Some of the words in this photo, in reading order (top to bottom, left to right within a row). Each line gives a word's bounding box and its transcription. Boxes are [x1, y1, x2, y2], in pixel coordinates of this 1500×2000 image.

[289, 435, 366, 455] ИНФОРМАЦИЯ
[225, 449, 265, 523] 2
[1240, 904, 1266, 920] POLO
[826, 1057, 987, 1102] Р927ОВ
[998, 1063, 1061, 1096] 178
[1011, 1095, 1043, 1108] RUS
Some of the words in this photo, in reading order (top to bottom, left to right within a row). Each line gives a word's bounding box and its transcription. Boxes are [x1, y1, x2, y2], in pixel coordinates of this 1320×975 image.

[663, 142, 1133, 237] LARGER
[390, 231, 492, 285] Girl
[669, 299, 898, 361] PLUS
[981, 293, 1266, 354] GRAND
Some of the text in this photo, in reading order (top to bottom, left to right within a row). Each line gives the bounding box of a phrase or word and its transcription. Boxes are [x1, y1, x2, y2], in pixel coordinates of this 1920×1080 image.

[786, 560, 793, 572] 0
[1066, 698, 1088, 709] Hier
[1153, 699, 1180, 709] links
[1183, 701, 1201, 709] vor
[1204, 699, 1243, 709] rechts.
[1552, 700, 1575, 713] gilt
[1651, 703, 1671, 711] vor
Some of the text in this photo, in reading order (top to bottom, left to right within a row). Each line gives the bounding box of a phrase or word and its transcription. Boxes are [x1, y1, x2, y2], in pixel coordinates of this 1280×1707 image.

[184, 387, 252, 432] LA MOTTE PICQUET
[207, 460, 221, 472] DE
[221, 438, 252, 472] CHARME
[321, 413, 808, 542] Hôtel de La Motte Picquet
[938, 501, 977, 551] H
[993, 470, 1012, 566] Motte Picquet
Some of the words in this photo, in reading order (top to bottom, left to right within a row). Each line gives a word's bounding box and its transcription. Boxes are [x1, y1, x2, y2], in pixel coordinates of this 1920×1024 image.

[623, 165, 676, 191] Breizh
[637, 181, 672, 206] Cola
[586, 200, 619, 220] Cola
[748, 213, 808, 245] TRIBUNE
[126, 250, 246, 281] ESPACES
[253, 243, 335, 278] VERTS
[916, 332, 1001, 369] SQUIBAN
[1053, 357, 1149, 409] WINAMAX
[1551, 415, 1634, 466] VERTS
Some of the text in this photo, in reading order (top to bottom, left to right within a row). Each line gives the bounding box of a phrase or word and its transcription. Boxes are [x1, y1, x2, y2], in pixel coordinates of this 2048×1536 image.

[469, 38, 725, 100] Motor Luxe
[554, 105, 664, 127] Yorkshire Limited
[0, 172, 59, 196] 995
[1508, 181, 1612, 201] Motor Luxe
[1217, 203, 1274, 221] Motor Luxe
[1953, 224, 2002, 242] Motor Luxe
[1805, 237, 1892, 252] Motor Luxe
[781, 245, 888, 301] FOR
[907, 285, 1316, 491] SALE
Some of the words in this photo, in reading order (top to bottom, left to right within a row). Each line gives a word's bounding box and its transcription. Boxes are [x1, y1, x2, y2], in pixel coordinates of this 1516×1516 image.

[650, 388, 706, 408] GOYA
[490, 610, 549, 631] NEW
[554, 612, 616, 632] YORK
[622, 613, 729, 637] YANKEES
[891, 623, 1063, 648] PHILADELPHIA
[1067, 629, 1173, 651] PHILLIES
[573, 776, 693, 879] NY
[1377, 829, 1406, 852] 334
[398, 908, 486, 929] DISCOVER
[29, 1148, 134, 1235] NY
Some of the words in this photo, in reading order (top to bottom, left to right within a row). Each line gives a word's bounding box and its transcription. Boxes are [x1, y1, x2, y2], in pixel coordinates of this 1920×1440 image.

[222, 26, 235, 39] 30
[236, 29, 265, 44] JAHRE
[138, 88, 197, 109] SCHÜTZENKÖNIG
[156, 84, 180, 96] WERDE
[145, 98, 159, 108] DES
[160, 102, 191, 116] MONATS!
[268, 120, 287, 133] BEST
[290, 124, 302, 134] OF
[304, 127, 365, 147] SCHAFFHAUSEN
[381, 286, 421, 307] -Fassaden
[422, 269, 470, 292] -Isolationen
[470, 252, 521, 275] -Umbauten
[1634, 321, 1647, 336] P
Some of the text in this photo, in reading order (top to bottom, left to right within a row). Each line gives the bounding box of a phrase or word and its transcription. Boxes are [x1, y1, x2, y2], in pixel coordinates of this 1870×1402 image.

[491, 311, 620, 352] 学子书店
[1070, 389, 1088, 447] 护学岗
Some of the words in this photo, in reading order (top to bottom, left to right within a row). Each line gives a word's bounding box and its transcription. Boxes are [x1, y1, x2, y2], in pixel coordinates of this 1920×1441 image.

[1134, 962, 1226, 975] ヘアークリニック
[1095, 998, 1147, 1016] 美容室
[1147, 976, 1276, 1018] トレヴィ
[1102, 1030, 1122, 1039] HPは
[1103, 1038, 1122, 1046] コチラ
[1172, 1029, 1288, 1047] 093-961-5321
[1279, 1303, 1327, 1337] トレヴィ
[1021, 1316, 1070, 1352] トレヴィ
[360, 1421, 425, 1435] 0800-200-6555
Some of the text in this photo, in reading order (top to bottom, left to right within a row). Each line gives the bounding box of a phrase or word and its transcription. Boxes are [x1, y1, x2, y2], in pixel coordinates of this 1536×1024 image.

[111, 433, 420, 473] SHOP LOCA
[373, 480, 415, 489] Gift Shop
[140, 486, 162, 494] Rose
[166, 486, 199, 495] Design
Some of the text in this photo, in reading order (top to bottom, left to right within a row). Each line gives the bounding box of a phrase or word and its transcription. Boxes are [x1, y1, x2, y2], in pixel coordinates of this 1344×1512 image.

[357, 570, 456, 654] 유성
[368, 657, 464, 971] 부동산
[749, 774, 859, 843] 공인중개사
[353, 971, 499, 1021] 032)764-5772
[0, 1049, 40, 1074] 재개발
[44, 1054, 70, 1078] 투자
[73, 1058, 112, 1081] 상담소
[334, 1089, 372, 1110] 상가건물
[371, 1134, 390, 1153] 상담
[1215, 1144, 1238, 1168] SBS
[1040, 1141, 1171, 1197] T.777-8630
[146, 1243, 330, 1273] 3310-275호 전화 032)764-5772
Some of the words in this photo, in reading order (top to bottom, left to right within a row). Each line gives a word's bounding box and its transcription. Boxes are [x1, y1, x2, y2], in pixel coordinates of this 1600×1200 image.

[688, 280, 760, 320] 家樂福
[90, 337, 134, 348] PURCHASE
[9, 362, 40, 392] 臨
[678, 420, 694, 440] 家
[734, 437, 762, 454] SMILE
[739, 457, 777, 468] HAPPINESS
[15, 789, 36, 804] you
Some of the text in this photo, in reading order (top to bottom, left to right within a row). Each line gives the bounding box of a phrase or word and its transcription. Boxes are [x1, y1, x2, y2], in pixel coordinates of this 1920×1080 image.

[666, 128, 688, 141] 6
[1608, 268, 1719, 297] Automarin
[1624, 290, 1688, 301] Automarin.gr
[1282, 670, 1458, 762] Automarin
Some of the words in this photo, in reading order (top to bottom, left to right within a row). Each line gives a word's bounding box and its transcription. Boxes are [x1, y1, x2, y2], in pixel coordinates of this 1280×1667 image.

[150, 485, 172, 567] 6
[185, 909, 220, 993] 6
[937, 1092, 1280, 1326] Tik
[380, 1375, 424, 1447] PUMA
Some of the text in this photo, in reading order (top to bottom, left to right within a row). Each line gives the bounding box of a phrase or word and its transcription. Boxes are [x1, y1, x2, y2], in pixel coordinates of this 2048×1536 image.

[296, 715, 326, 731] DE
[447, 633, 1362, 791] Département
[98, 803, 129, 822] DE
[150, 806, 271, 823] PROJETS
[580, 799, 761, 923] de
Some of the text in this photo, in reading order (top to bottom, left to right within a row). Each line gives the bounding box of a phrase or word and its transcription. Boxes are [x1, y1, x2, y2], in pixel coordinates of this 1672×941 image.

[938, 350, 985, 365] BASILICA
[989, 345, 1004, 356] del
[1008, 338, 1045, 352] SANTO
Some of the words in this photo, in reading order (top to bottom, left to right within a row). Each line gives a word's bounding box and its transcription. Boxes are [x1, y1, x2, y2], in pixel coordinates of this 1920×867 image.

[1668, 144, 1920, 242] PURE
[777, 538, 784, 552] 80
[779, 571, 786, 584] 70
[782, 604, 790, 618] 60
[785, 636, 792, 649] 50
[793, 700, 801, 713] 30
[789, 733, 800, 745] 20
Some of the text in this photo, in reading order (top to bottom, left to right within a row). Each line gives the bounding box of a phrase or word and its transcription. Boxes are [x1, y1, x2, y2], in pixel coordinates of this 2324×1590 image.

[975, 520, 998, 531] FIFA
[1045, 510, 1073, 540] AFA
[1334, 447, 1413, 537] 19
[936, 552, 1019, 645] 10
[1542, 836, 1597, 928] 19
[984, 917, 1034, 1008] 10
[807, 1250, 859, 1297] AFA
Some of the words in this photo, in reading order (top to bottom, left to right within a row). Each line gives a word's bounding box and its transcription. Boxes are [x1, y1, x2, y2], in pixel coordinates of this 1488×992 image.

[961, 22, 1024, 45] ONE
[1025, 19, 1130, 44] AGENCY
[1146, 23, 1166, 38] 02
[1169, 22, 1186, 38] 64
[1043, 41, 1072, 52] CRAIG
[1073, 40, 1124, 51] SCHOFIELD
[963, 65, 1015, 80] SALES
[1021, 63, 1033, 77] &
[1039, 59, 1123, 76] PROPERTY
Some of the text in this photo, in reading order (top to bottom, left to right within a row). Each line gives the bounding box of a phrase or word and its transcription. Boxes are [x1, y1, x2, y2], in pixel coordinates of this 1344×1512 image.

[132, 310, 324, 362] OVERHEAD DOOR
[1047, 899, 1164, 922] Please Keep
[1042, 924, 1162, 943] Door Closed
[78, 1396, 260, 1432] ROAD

═══

■ PROBLEM TO SOLVE ■
Exactly repeat the lines from the line that contains "this 2324×1590 image." to the end of the entries, both included, and leave out all other lines.

■ SOLUTION TO THIS PROBLEM ■
Some of the text in this photo, in reading order (top to bottom, left to right within a row). Each line gives the bounding box of a phrase or word and its transcription. Boxes are [x1, y1, x2, y2], in pixel coordinates of this 2324×1590 image.

[975, 520, 998, 531] FIFA
[1045, 510, 1073, 540] AFA
[1334, 447, 1413, 537] 19
[936, 552, 1019, 645] 10
[1542, 836, 1597, 928] 19
[984, 917, 1034, 1008] 10
[807, 1250, 859, 1297] AFA
Some of the words in this photo, in reading order (top to bottom, left to right within a row). Each line gives a word's bounding box and its transcription. Boxes are [x1, y1, x2, y2], in pixel coordinates of this 1488×992 image.

[961, 22, 1024, 45] ONE
[1025, 19, 1130, 44] AGENCY
[1146, 23, 1166, 38] 02
[1169, 22, 1186, 38] 64
[1043, 41, 1072, 52] CRAIG
[1073, 40, 1124, 51] SCHOFIELD
[963, 65, 1015, 80] SALES
[1021, 63, 1033, 77] &
[1039, 59, 1123, 76] PROPERTY
Some of the text in this photo, in reading order (top to bottom, left to right within a row). Each line gives the bounding box of a phrase or word and its transcription. Boxes are [x1, y1, x2, y2], in pixel coordinates of this 1344×1512 image.

[132, 310, 324, 362] OVERHEAD DOOR
[1047, 899, 1164, 922] Please Keep
[1042, 924, 1162, 943] Door Closed
[78, 1396, 260, 1432] ROAD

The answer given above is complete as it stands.